Bezmyślnie wpatrywałam się w Ryana – i to tak długo, aż
obraz zaczął rozmazywać mi się przed oczami. Dopiero to otrzeźwiło mnie na
tyle, by zamrugać i tym samym przekonać się, że mój towarzysz najwyraźniej
sobie nie żartował. Wciąż opierał się o motor, wymownie spoglądając przy
tym na mnie i wyraźnie zaczynając się niecierpliwić.
– Nie mamy
całego dnia – przypomniał, a ja jęknęłam, nie będąc w stanie się
powstrzymać.
– Czy ten
dowcip ma jakąś puentę? – zapytałam wprost, być może niepotrzebnie, bo
doczekałam się wyłącznie grymasu, który momentalnie wykrzywił rysy Ryana.
– Jak sobie
chcesz – oznajmił obojętnym tonem. Spojrzałam na niego z niedowierzaniem,
kiedy tak po prostu ustawił maszynę do pionu, by móc na nią wsiąść. – Dopiero
co ustaliliśmy, że wcale nie musisz za mną chodzić. Jeśli wolisz poczekać
tutaj, aż cię znajdą…
Mówił, choć
w tym czasie mógłby odjechać przynajmniej ze trzy razy, nie dając mi
choćby szansy na zmianę decyzji. Zacisnęłam usta, bezmyślnie spoglądając to na
poirytowanego Ryana, to znów na motor, który w najmniejszym stopniu nie
wzbudzał mojego zaufania. Wsiadanie na coś takiego, na dodatek w koszuli
nocnej i bez kasku, brzmiało jak czyste szaleństwo, ale…
Możliwe, że
Ryan mówił coś jeszcze. Wydawało mi się, że słyszałam jego głos, kiedy bezsensownie
nawijał, próbując grać na zwłokę. Takie przynajmniej miałam wrażenie, gotowa
przysiąc, że tak naprawdę wcale nie chciał mnie zostawiać, niezależnie od tego,
czy faktycznie działałam mu na nerwy.
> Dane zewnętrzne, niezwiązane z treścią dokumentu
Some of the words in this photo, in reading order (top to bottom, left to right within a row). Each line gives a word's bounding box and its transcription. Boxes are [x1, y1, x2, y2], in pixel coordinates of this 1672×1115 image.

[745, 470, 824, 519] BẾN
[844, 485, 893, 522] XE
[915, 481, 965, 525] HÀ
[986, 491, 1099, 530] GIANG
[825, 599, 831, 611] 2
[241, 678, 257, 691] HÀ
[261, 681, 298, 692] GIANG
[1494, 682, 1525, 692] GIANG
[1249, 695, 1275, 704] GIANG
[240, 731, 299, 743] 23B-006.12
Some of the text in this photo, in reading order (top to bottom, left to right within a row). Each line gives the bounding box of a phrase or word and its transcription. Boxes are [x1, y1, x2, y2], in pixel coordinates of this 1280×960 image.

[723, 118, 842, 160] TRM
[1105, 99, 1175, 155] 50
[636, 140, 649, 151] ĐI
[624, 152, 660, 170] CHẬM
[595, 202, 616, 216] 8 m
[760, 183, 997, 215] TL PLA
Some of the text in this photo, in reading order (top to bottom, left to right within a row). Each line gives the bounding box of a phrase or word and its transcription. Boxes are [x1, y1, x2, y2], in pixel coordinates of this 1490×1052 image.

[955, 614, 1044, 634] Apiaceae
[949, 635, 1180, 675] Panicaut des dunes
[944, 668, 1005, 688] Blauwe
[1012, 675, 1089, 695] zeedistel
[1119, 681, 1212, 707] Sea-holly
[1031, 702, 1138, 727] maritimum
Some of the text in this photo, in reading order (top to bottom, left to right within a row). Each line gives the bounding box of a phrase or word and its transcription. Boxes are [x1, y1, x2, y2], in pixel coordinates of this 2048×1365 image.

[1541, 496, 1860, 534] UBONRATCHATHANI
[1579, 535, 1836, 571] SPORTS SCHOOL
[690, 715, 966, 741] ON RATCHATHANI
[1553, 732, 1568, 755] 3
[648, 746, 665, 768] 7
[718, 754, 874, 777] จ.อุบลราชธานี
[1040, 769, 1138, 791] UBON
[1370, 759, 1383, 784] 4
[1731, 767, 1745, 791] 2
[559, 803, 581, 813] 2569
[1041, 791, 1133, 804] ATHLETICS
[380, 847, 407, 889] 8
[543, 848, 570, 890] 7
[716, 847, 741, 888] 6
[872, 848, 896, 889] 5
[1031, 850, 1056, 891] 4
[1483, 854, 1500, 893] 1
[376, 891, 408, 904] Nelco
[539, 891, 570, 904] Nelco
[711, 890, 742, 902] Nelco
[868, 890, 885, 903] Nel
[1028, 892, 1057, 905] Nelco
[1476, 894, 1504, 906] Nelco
To zresztą na dłuższą metę wydawało się
sensowne, skoro zawdzięczałam mu życie. Co prawda nie sądziłam, by
interweniując wziął za mnie odpowiedzialność, a tym bardziej tego nie
oczekiwałam, ale sprawy przecież nie były aż takie proste. Jakby tego było
mało, tak naprawdę nie miałam nikogo innego, nie wspominając o tym, że
jedyną moją alternatywą pozostawała bezsensowna bieganina po lesie i dalsza
ucieczka przed Poszukiwaczami.
Dopiero
wtedy dotarło do mnie, jak bardzo obcy był mi ten świat. To, co od roku powinno
stanowić moją codzienność, pozostawało abstrakcją. Berenika może i zapewniła
mi spokój, ale teraz aż nazbyt wyraźnie czułam konsekwencje tych kilkunastu
miesięcy wytchnienia.
– Zamknij
się i jedź – wymamrotałam, sama niepewna jakim cudem udało mi zachować
spokój.
Ryan
zamilkł wpół słowa, spoglądając na mnie dziwnie, kiedy – w zdecydowanie
niezgrabny sposób – zajęłam miejsce za jego plecami. Uniósł brwi, po czym w końcu
zamilkł, wydając zastanawiać się nad tym, czy jednak nie powinien kazać mi
odejść.
– Och, no
proszę… Księżniczka jednak się zdecydowała. – Wywrócił oczami. – Albo i nie.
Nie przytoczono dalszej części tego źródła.